The Anglo-Thai Peace Treaty (long title: Formal Agreement for the Termination of the State of War between Siam and Great Britain and India) signed in Singapore on 1 January 1946 ended the state of war that had existed between Thailand and the United Kingdom since the former's declaration of war of 25 January 1942 during World War II. Although the Thais had also declared war on the United States on the same day, a U.S.–Thai peace treaty was never signed because the American government opted not to recognise the legality of the declaration in light of the Japanese invasion of Thailand on 8 December 1941.

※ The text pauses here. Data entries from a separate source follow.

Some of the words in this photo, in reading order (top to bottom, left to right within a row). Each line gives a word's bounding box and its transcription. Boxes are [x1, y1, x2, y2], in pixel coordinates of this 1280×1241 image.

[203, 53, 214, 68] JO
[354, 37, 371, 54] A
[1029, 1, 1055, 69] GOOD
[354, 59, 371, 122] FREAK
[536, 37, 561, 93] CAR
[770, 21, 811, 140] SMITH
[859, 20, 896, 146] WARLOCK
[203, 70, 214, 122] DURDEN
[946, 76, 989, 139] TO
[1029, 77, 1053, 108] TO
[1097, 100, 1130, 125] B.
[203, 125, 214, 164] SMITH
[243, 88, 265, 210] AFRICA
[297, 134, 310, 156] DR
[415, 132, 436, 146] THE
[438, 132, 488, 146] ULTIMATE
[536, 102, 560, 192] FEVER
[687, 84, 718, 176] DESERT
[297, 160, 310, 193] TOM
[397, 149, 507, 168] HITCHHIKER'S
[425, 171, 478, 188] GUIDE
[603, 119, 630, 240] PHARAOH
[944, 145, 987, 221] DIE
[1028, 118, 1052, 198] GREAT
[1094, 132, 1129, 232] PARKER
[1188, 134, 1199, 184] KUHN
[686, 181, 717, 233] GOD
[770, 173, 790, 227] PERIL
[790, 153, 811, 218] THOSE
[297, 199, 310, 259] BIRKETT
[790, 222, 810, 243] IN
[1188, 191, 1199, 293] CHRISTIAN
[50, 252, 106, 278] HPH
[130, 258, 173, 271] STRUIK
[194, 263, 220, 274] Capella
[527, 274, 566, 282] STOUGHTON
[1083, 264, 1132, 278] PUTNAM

The peace treaty went into effect on the day it was signed. It was registered in the United Nations Treaty Series on 23 August 1951.

== Background ==
During World War II, Thailand was an ally of the Empire of Japan. In that capacity, it gained some territories that were incorporated in Thailand in exchange for freedom for the Japanese government to establish military bases in these territories as well as in the rest of Thailand. The territories gained by Thailand were taken from French Indochina during a brief war with France in late 1940 and early 1941 and from British Malaya during the Japanese attack in December 1941. On 25 January 1942, the Thai government declared war on the United States and the United Kingdom. The Northern Army was sent to assist in the invasion of British Burma and part of that area was annexed.

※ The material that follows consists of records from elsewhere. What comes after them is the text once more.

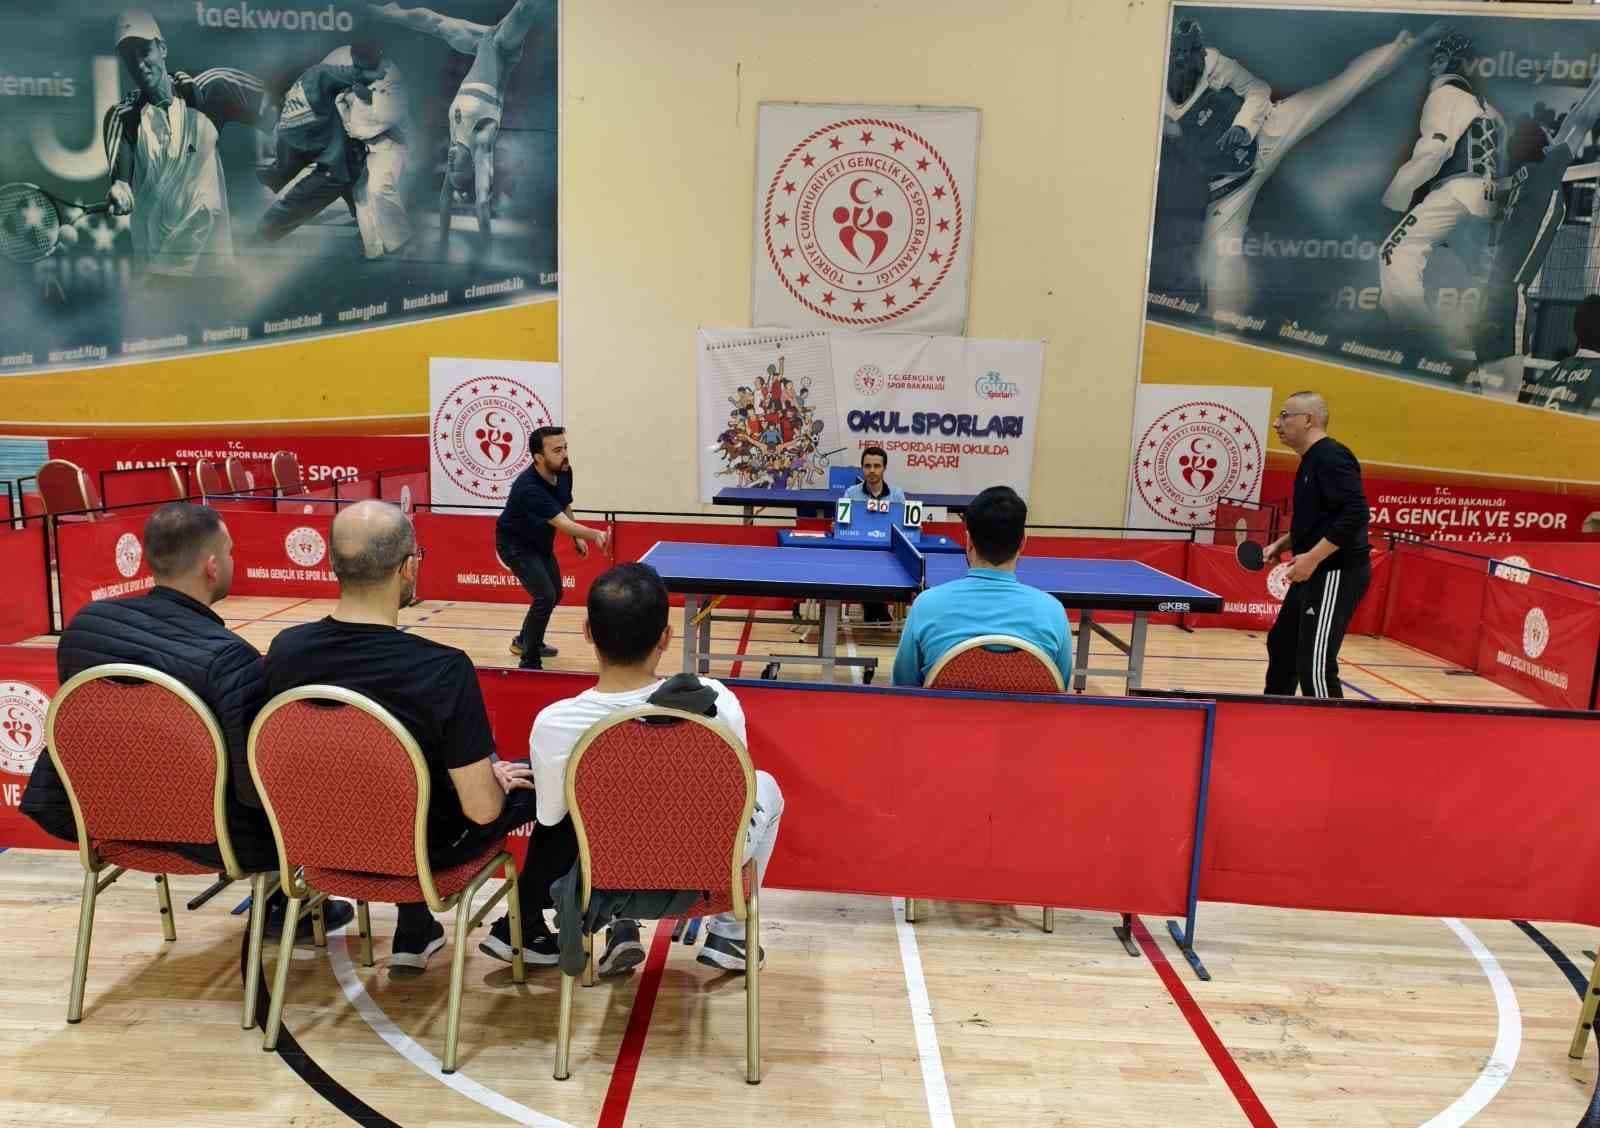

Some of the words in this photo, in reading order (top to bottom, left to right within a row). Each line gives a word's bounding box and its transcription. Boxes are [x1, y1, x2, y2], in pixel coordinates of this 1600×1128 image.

[196, 2, 353, 32] taekwondo
[847, 156, 902, 177] GENÇLİK
[900, 174, 916, 191] VE
[801, 160, 846, 239] CUMHURİYETİ
[910, 191, 926, 226] SPOR
[804, 242, 846, 284] TÜRKİYE
[876, 229, 926, 284] BAKANLIĞI
[847, 409, 910, 433] OKUL
[911, 411, 1024, 438] SPORLARI
[176, 449, 214, 459] GENÇLİK
[215, 450, 227, 458] VE
[228, 441, 244, 449] T.C.
[858, 440, 884, 450] HEM
[886, 440, 934, 452] SPORDA
[934, 442, 961, 454] HEM
[962, 444, 1009, 456] OKULDA
[308, 464, 359, 482] SPOR
[907, 455, 960, 470] BAŞARI
[1378, 495, 1418, 505] GENÇLİK
[1420, 495, 1432, 505] VE
[1433, 495, 1456, 505] SPOR
[1458, 496, 1506, 507] BAKANLIĞI
[1435, 487, 1451, 495] T.C.
[839, 502, 850, 521] 7
[905, 503, 921, 525] 10
[1395, 506, 1481, 530] GENÇLİK
[1484, 510, 1509, 528] VE
[1513, 511, 1568, 529] SPOR

During the war, parts of the Thai government kept secret ties with the Allied governments and cooperated secretly with their intelligence services. As the Japanese government surrendered in August 1945, the Thai government claimed it was never at war with the western powers, and that the declaration of war was imposed on it by the Japanese government. The US government accepted this legal interpretation, and treated the Thai government as a friendly nation. The British government, however, refused to accept this interpretation and demanded that a peace treaty be concluded.

== Effects of the treaty ==
The main effect of the peace treaty was to undo the Thai annexation of the Shan States and four of the Unfederated Malay States. The British achieved less than they had hoped, largely because the United States opposed any punitive action against Thailand. They were unable, for instance, to reduce the size of Thai armed forces. The treaty did require the free delivery of up to 1.5 million tons rice, which was in surplus in Thailand, to British Malaya, where there was a shortage. It also forbade the Thais from building a canal across the Kra isthmus without British government permission, which clause undercut the authority of Pridi Banomyong's government.

After its enactment, the United States and Britain restored diplomatic relations with Thailand on 5 January. The next day a general election was held. After the treaty, the United States lent $10,000,000 to Thailand for the reconstruction of her transportation network, heavily damaged by American bombing. Thailand joined the United Nations on 16 December 1946.

A separate Australian–Thai Peace Treaty, required by the Australian declaration of war of 2 March 1942 and the Australian Statute of Westminster Adoption Act, was signed on 3 April 1946.